È dai tempi del «Non omnis moriar» («Non morirò interamente») di Orazio che continuiamo a bearci della certezza che l’Arte sia in grado di darci l’immortalità. Ma c’è immortalità e immortalità: un conto è che i posteri ci rammentino come una Venere, un altro è che il Mondo ci ricordi per sempre come una Mosca! Nel 1780 nasceva Paolina Borghese, a cui Canova asservì il proprio scalpello (verosimilmente “aiutandola” meno rispetto a suo fratello Napoleone, dal punto di vista estetico); la radiosa Paolina è nell’occhio di tutti come la Venere Vincitrice in panciolle (termine relativo: i soggetti dei neoclassici erano sempre troppo inamidati per essere spaparanzati) su un triclinio, dopo essersi aggiudicata il voto di Paride nel contest tra le dee più belle.

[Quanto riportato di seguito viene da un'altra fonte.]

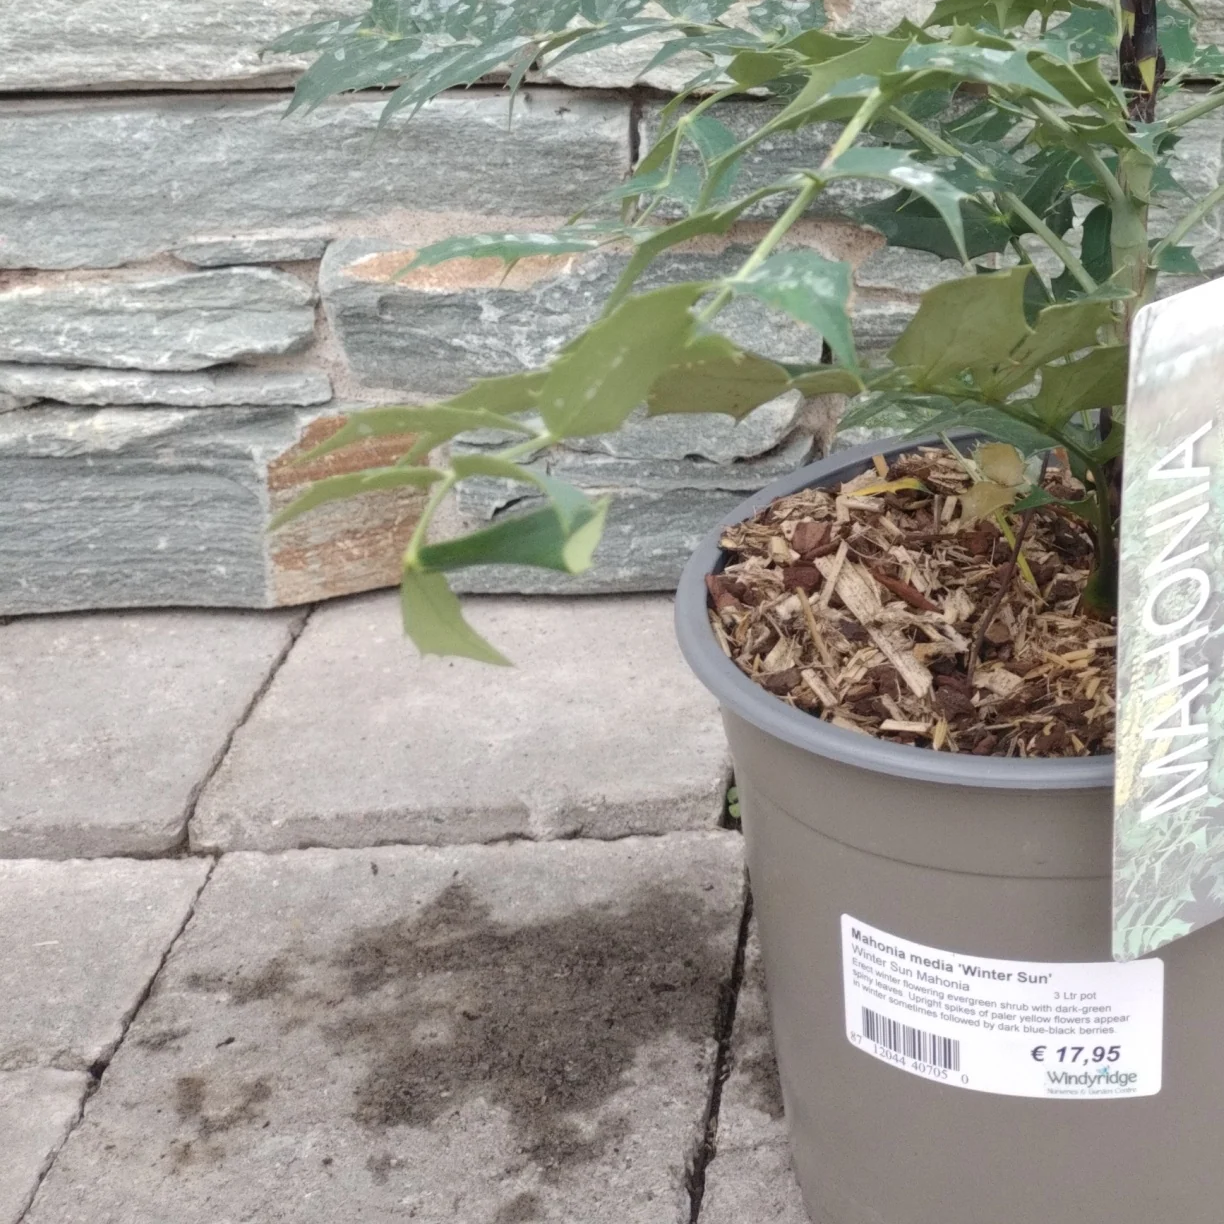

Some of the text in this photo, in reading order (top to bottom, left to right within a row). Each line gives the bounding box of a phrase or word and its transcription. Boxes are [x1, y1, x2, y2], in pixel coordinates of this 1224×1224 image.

[1139, 419, 1213, 824] MAHONIA
[851, 927, 906, 959] Mahonia
[910, 953, 953, 973] media
[851, 942, 970, 992] Winter Sun Mahonia
[852, 957, 1112, 1014] Erect winter flowering evergreen shrub with dark-green
[852, 969, 873, 985] spiny
[908, 991, 941, 1008] Upright
[944, 1003, 976, 1016] spikes
[979, 1009, 989, 1018] of
[991, 1011, 1017, 1021] paler
[1019, 1014, 1051, 1024] yellow
[1054, 1015, 1091, 1024] flowers
[1094, 1015, 1130, 1025] appear
[862, 984, 886, 1000] winter
[888, 996, 938, 1018] sometimes
[940, 1011, 980, 1027] followed
[983, 1020, 995, 1031] by
[998, 1022, 1020, 1032] dark
[1023, 1025, 1076, 1035] blue-black
[1054, 991, 1097, 1001] 3 Ltr pot
[850, 1030, 969, 1085] 87 12044 40705 0
[1031, 1045, 1121, 1066] € 17,95
[1047, 1070, 1138, 1088] Windyridge
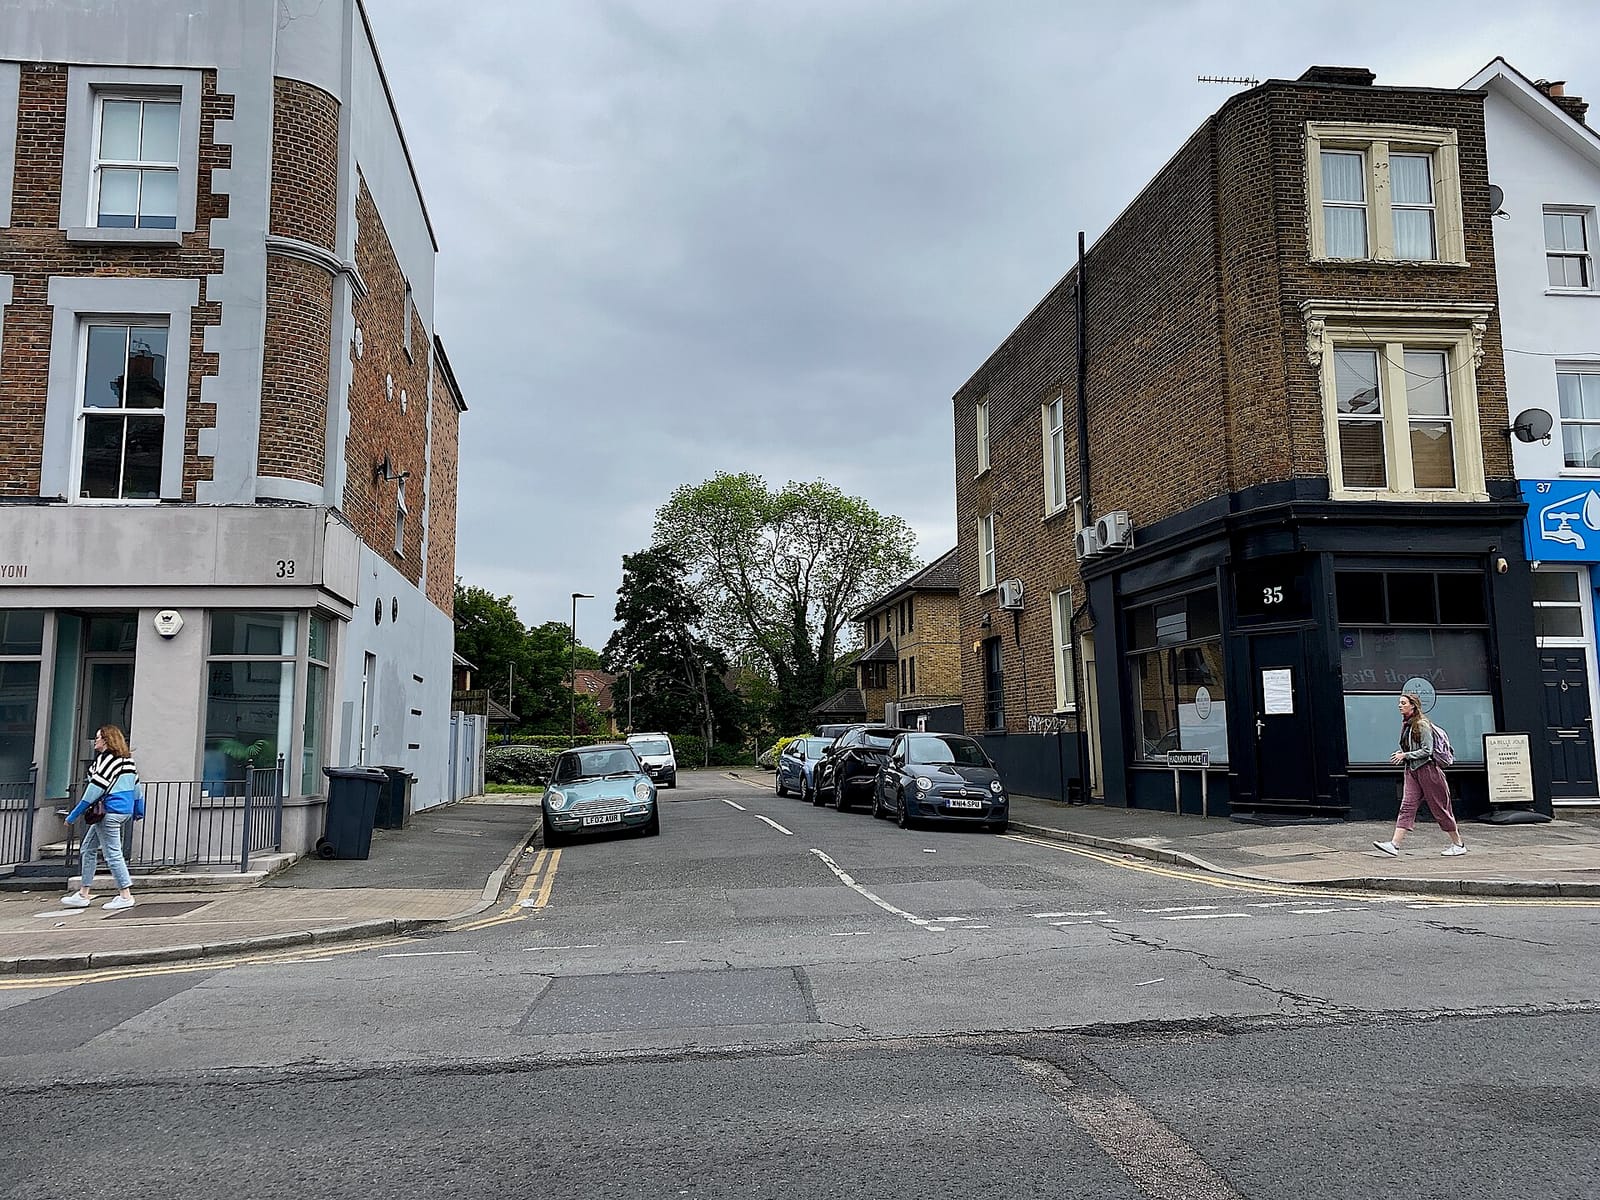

La Mosca a cui ho fatto riferimento invece non è Jeff Goldblum nell’omonimo film di Cronenberg; è il soprannome dell’occhialuta moglie di Eugenio Montale, Drusilla Tanzi, morta cinquantatré anni fa. Quando leggiamo «Ho sceso dandoti il braccio / almeno un milione di scale», è a lei che Montale si riferisce.

Una cosa è certa: quando Paolina/Venere, dopo duecento anni e passa, scenderà dal triclinio, sarà talmente sciancata che avrà pure lei bisogno di un braccio a cui aggrapparsi.

 

E che ci si vuol fare? / Semai la fama arriva,

include spesso qualche / spiacevole deriva.